Supplied records:
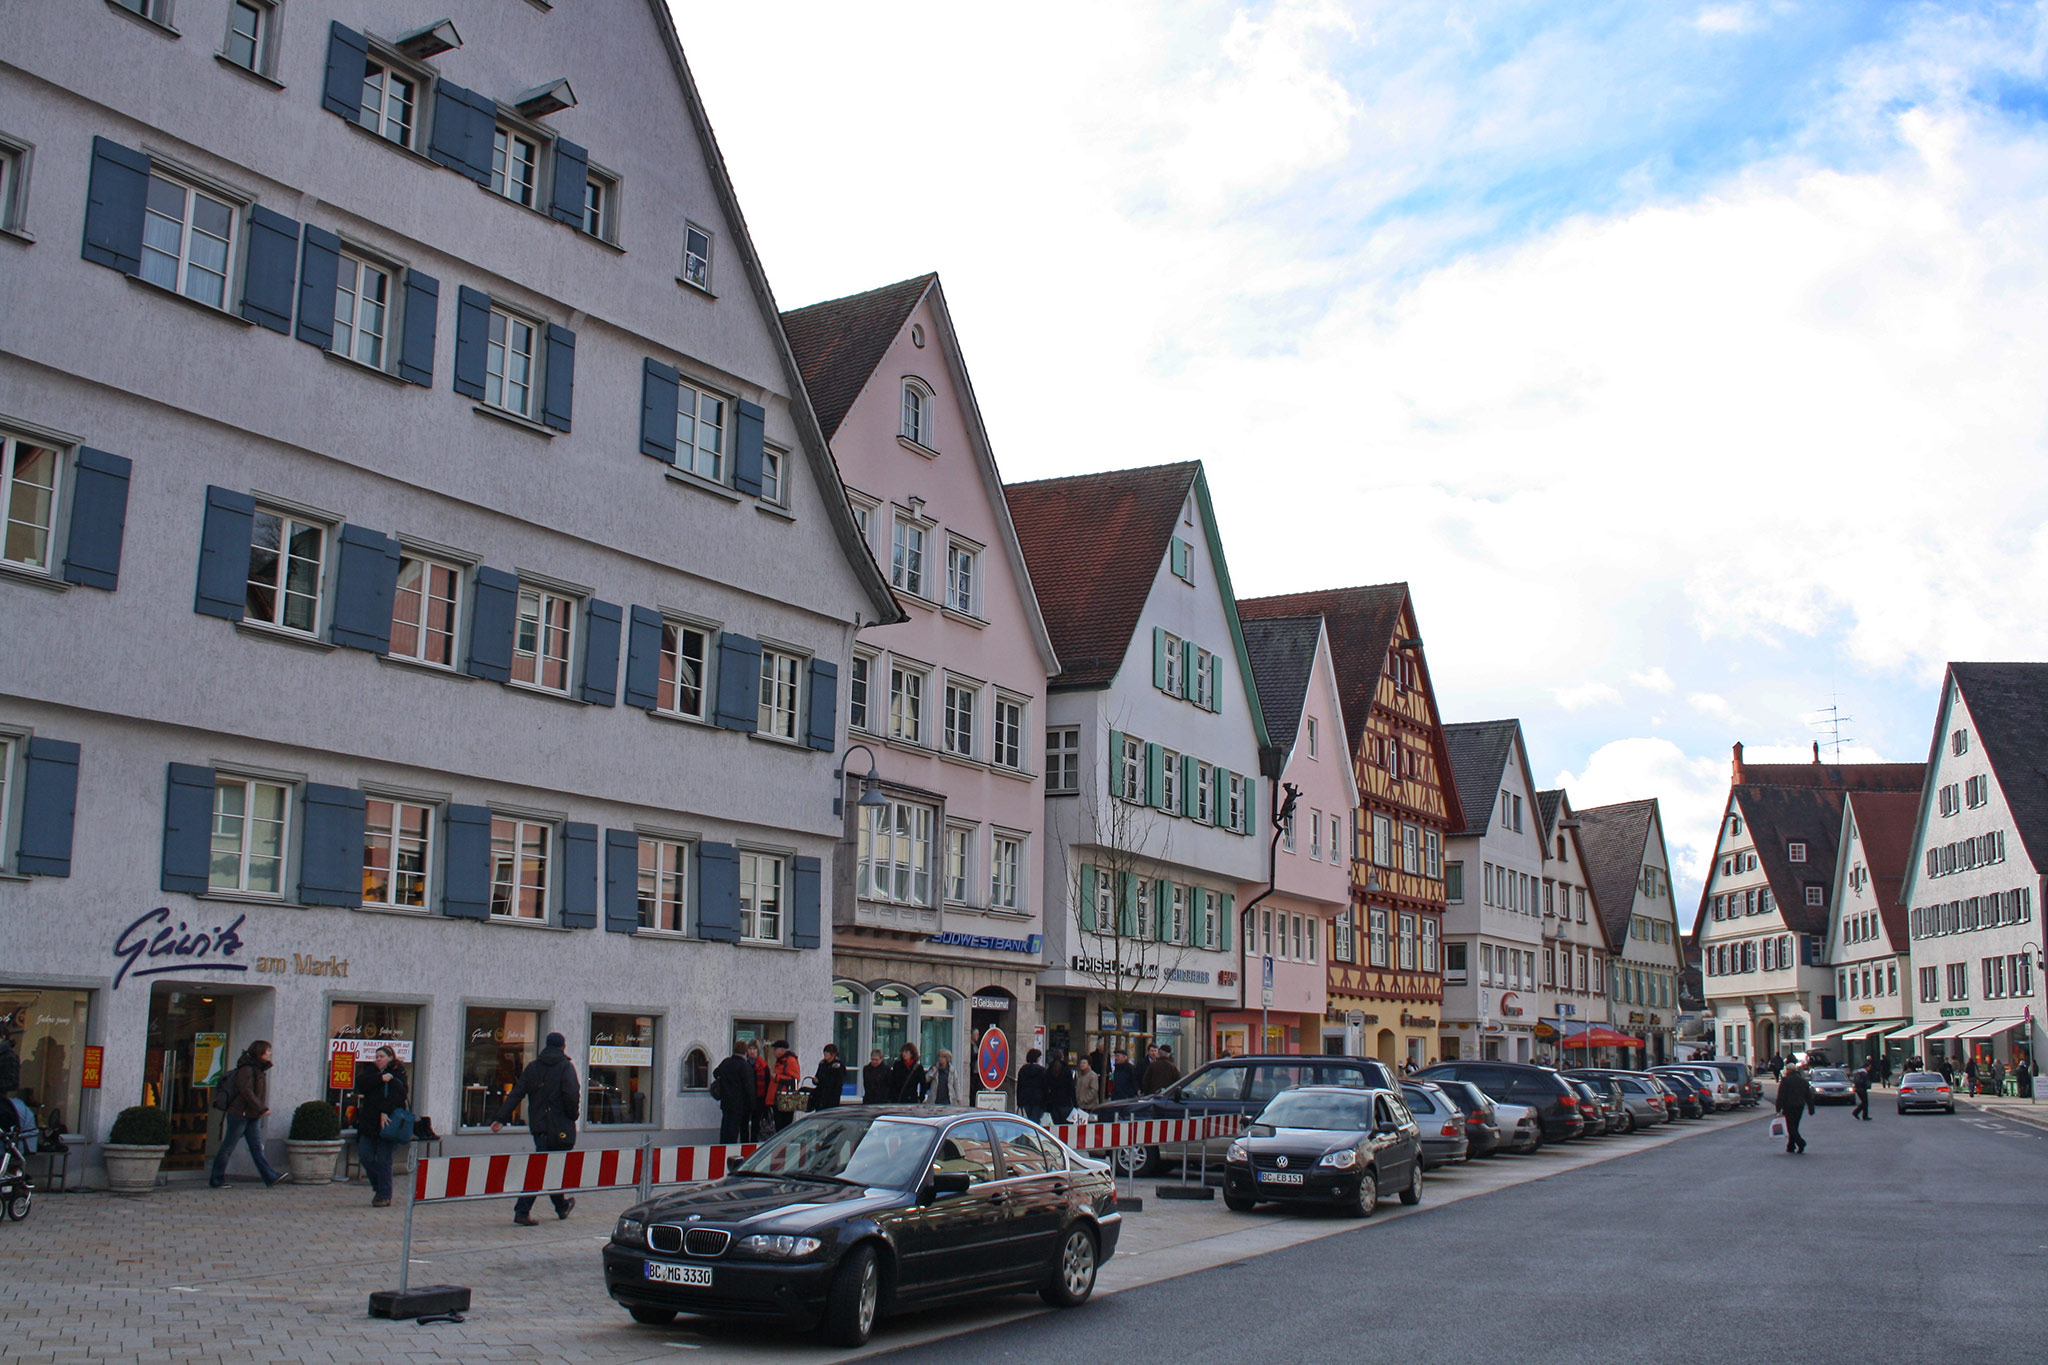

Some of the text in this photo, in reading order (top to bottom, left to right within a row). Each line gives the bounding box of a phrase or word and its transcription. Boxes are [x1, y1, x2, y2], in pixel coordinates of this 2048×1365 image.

[256, 955, 286, 973] am
[293, 953, 349, 977] Markt
[1264, 959, 1271, 977] P
[591, 1047, 603, 1064] 20
[333, 1070, 352, 1082] 20%
[667, 1266, 681, 1281] MG
[683, 1268, 711, 1284] 3330
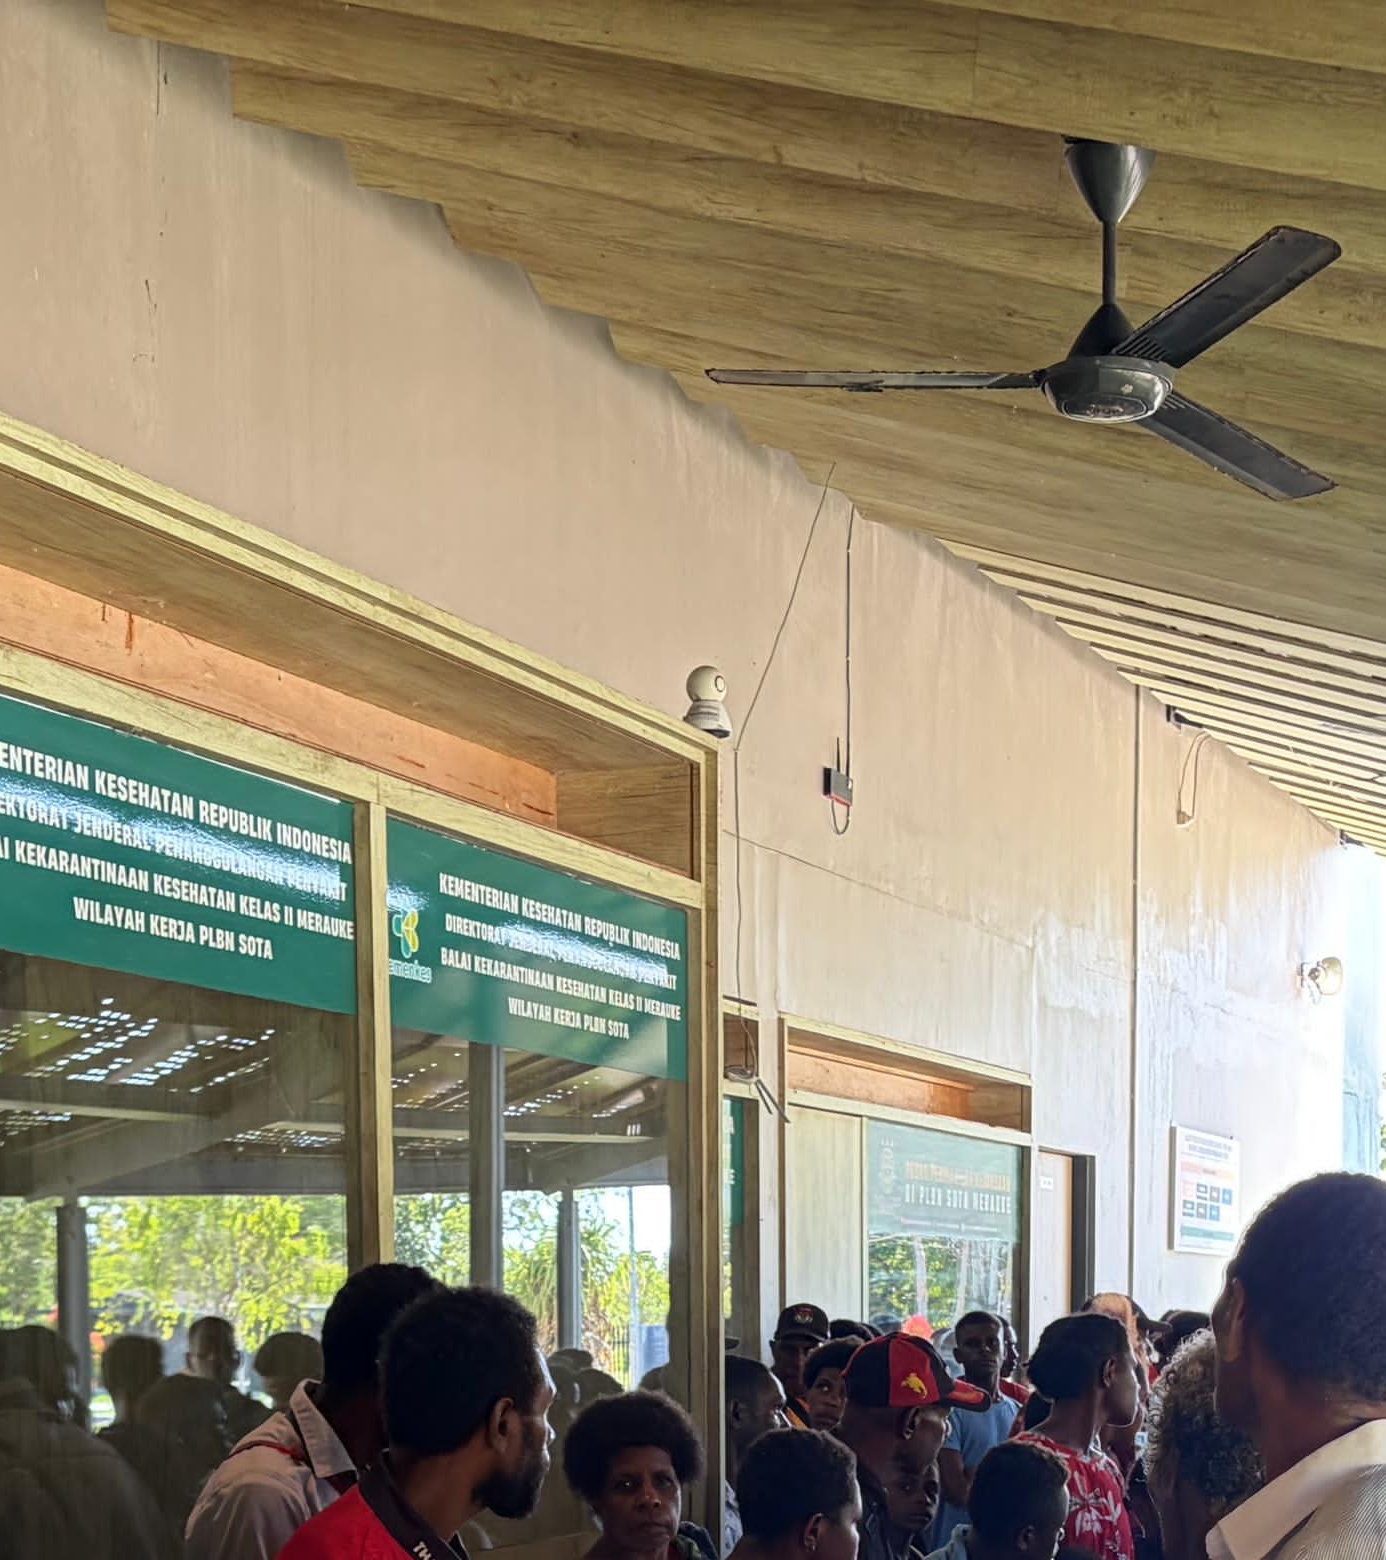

Task item:
An exact reproduction of the data is needed, with no pictures included.

Output:
Some of the text in this photo, in reading order (top to bottom, left to right within a row). Each line gives the bounding box of a phrase or word and its transcription. Boxes are [x1, y1, x2, y2], in pixel coordinates of this 2048×1365 image.

[256, 955, 286, 973] am
[293, 953, 349, 977] Markt
[1264, 959, 1271, 977] P
[591, 1047, 603, 1064] 20
[333, 1070, 352, 1082] 20%
[667, 1266, 681, 1281] MG
[683, 1268, 711, 1284] 3330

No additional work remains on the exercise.